If you decide to keep your Mac pure and don't mind spending the extra money on Mac versions of your software, you're still faced with the task of transferring your files and data.
As mentioned earlier, file formats are indeed cross-platform, and getting files from a PC to a Mac or vice versa is easy; that's what networks and removable media are for. (Of course, I'll be talking about networks in a future column.) But the real challenge is being able to use familiar applications on a new platform exactly the way you did on the old one—right down to all the little customizations that you've refined over time so that you can work as efficiently as possible.
Unfortunately, most software makers don't even make it easy to pass personal settings between copies of their programs on the same platform. So expecting them to make it easy to move settings from Windows to a Mac might be asking a bit much.
The closest thing to an automated solution is Detto Technologies' Move2Mac, a program that makes transferring data extremely painless.
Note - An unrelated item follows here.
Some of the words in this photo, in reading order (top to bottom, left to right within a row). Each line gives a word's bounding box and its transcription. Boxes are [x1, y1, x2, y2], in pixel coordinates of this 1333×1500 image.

Briefly, this is how it works: First you run the Move2Mac setup program on your Windows computer, and select what you want to transfer to your Mac. Then you run the setup program on the Mac, connect the two computers with Detto's special USB cable, and the transfer gets under way.
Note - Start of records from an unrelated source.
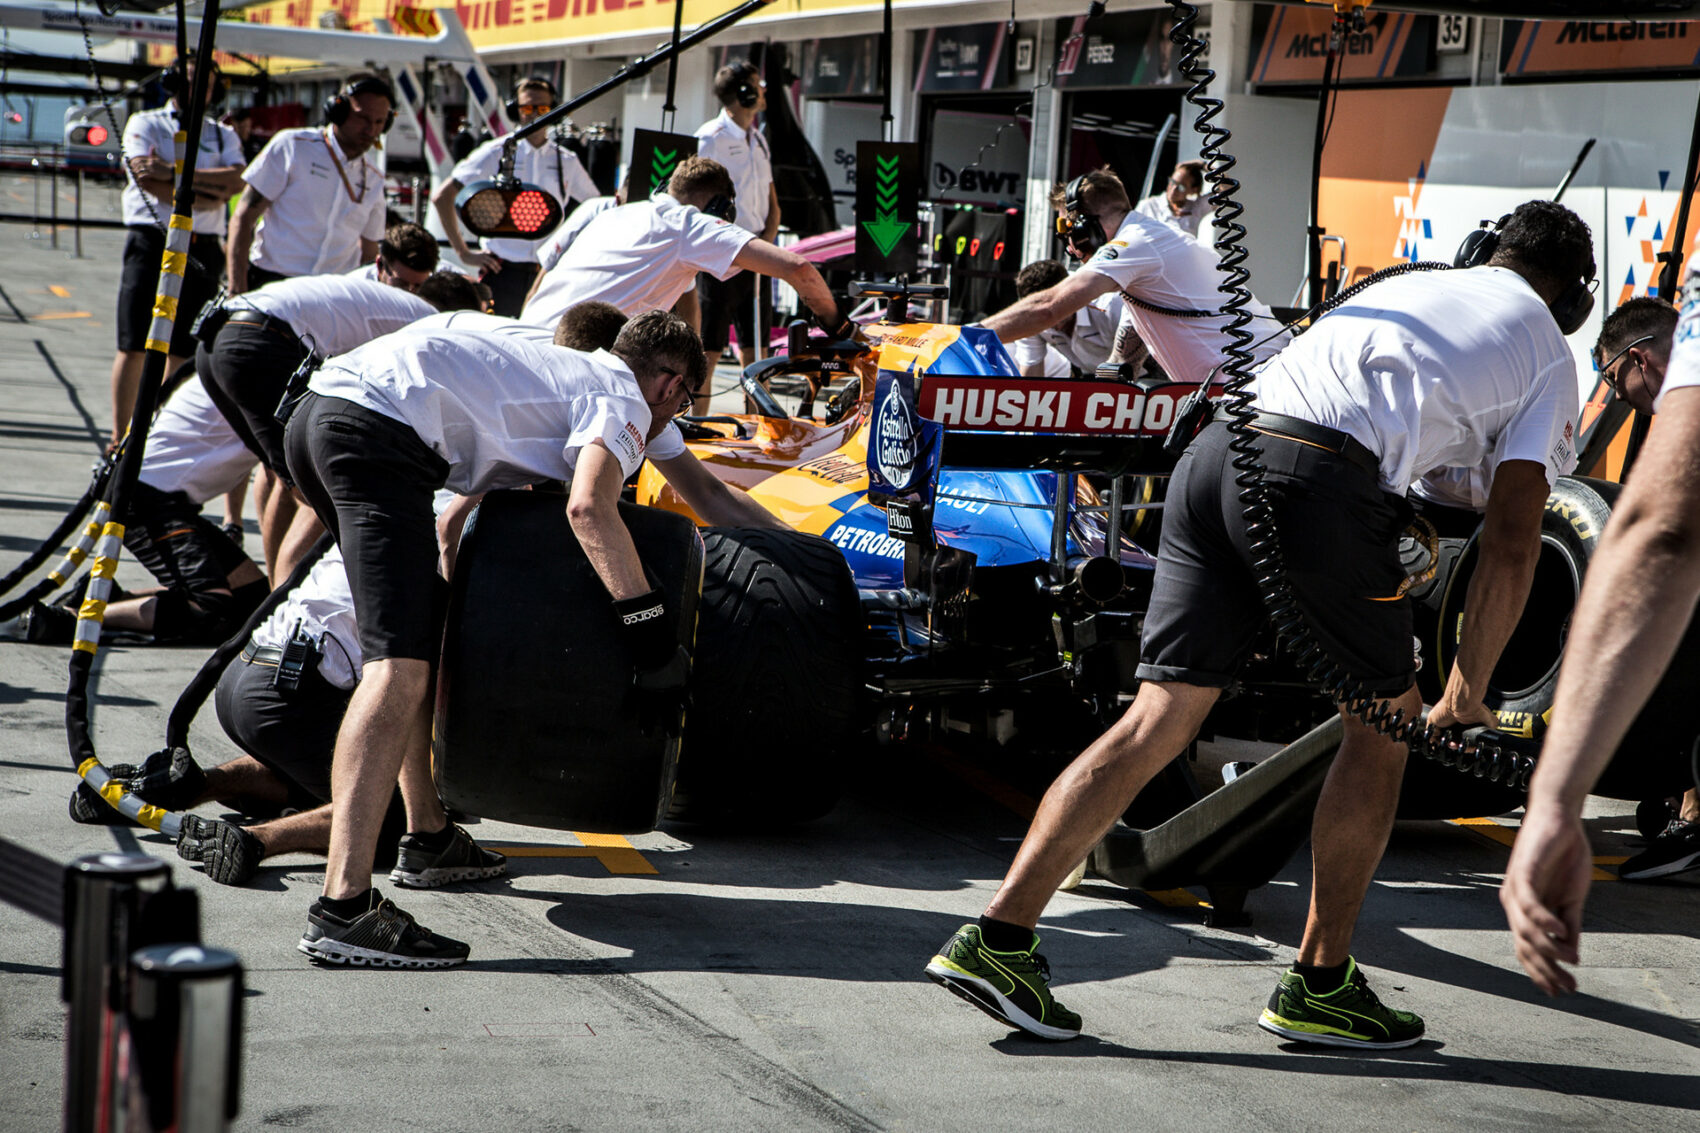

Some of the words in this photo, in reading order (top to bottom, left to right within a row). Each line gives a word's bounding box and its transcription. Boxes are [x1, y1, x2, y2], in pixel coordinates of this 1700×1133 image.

[1442, 15, 1462, 44] 35
[1555, 21, 1688, 44] McLaren
[1285, 32, 1374, 58] McLen
[834, 148, 856, 168] Sp
[959, 169, 1021, 195] BWT
[933, 388, 1071, 428] HUSKI
[881, 411, 909, 441] Estrella
[881, 437, 911, 466] Galicia
[935, 485, 991, 515] NAULT
[888, 507, 913, 529] Hiton
[1544, 492, 1593, 540] ERO
[830, 524, 906, 560] PETROBRA
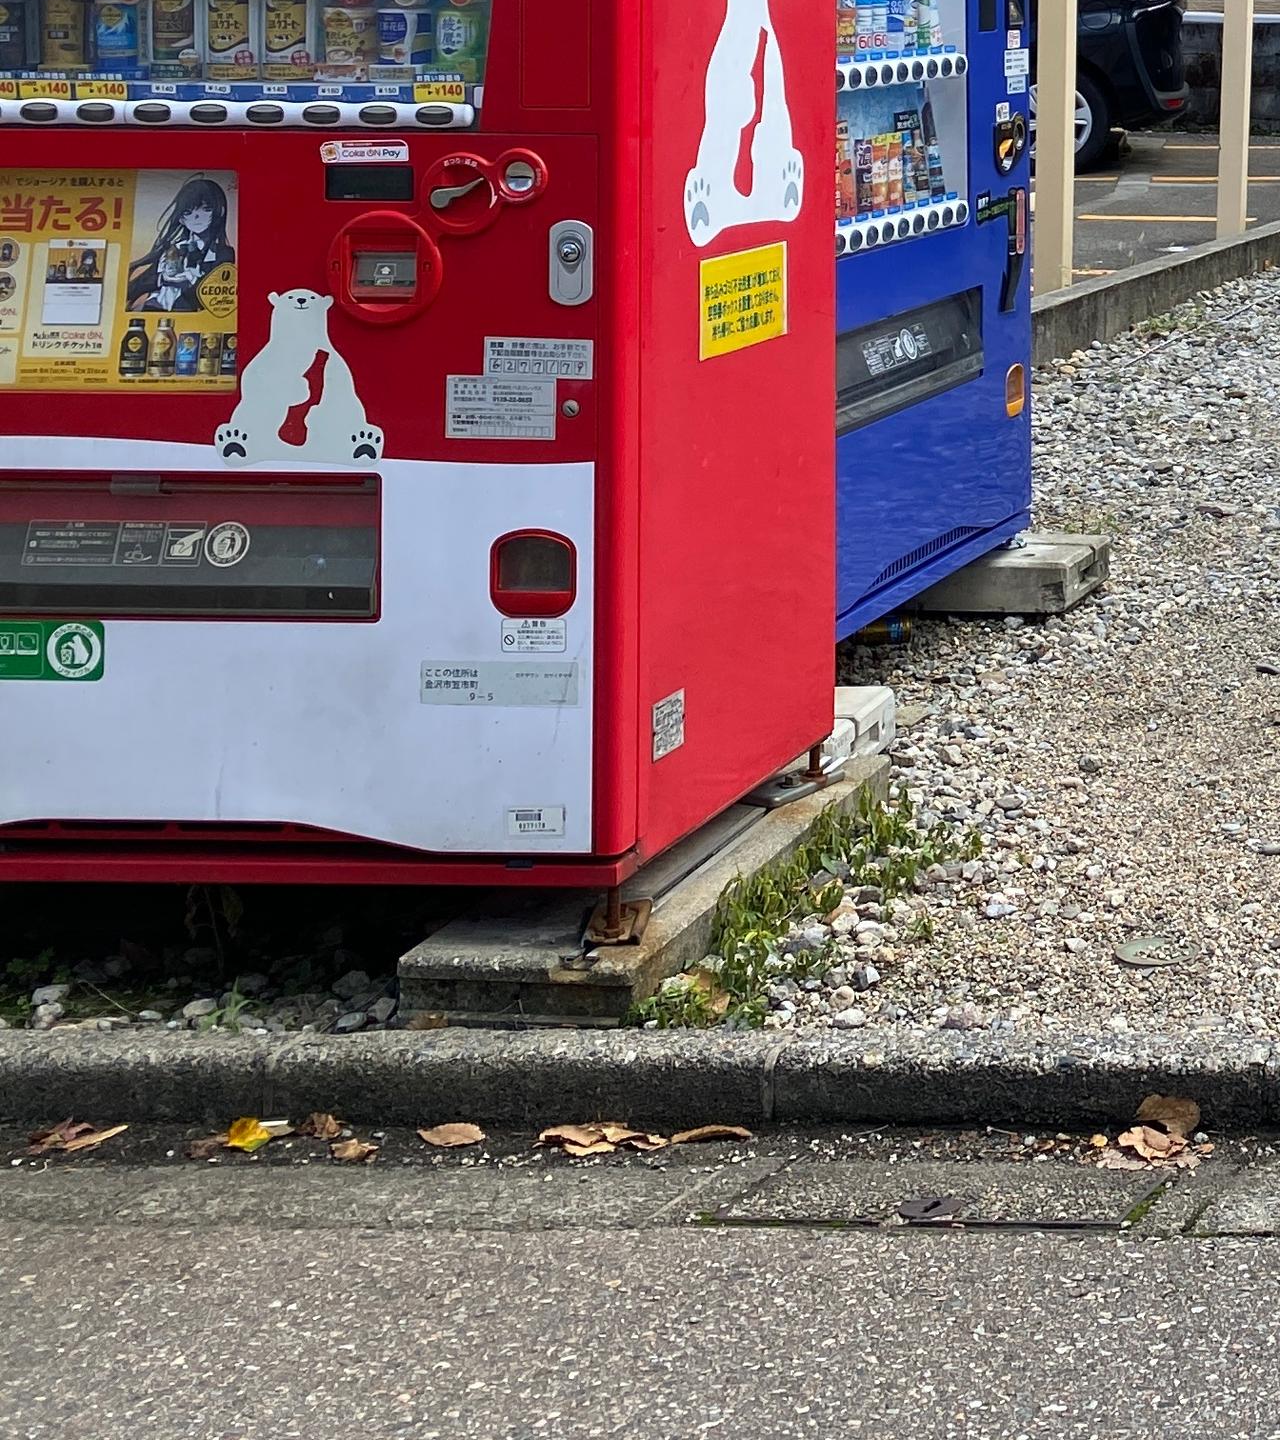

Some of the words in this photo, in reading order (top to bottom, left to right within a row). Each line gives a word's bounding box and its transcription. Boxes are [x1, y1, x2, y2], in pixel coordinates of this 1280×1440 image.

[40, 82, 68, 94] ¥140
[97, 83, 124, 95] ¥140
[435, 85, 463, 96] ¥140
[342, 150, 365, 158] Coke
[382, 149, 400, 158] Pay
[425, 669, 478, 677] ここの住所は
[425, 679, 478, 689] 金沢市笠市町
Move2Mac makes moving your data very easy. All you have to do is select the types of files you want to move (say, .xls and .doc files), and Move2Mac will scour your hard disk to find every file with that extension, and transfer it over using the same folder structure—so if you know where to find a file on your PC, you'll know where to find it on the Mac. Files in special directories are transferred to their Mac equivalent; for example, files on the Windows desktop move to the Macintosh desktop, My Documents files move to Documents and so on.
Aside from data, Move2Mac also moves Internet Explorer bookmarks; the desktop wallpaper; dial-up connections; Outlook Express POP3 settings and address book contacts; and e-mail settings and messages. In practice, it's almost as good as it sounds, but the devil is in the details. You'll note, for instance, that Move2Mac only moves bookmarks from Internet Explorer. If you're an Outlook Express user, your POP3 settings will be transferred to the Mac's Mail application, and your address book entries are incorporated into the Mac's address book—but the e-mail messages themselves are untouched. The same is true if you're using Eudora or any other e-mail application, with the exception of Netscape Mail.
Move2Mac uses Netscape Mail as sort of a Rosetta stone; first you install Netscape 7 on your PC (it's included on the CD), then import your mail into it. Move2Mac transfers the e-mail data to the Mac, and you can then import your messages into your chosen e-mail program. At least, that's the idea. When I tried to execute a transfer, Eudora 5.2 on the Mac refused to import from anything other than Claris Emailer and Outlook Express.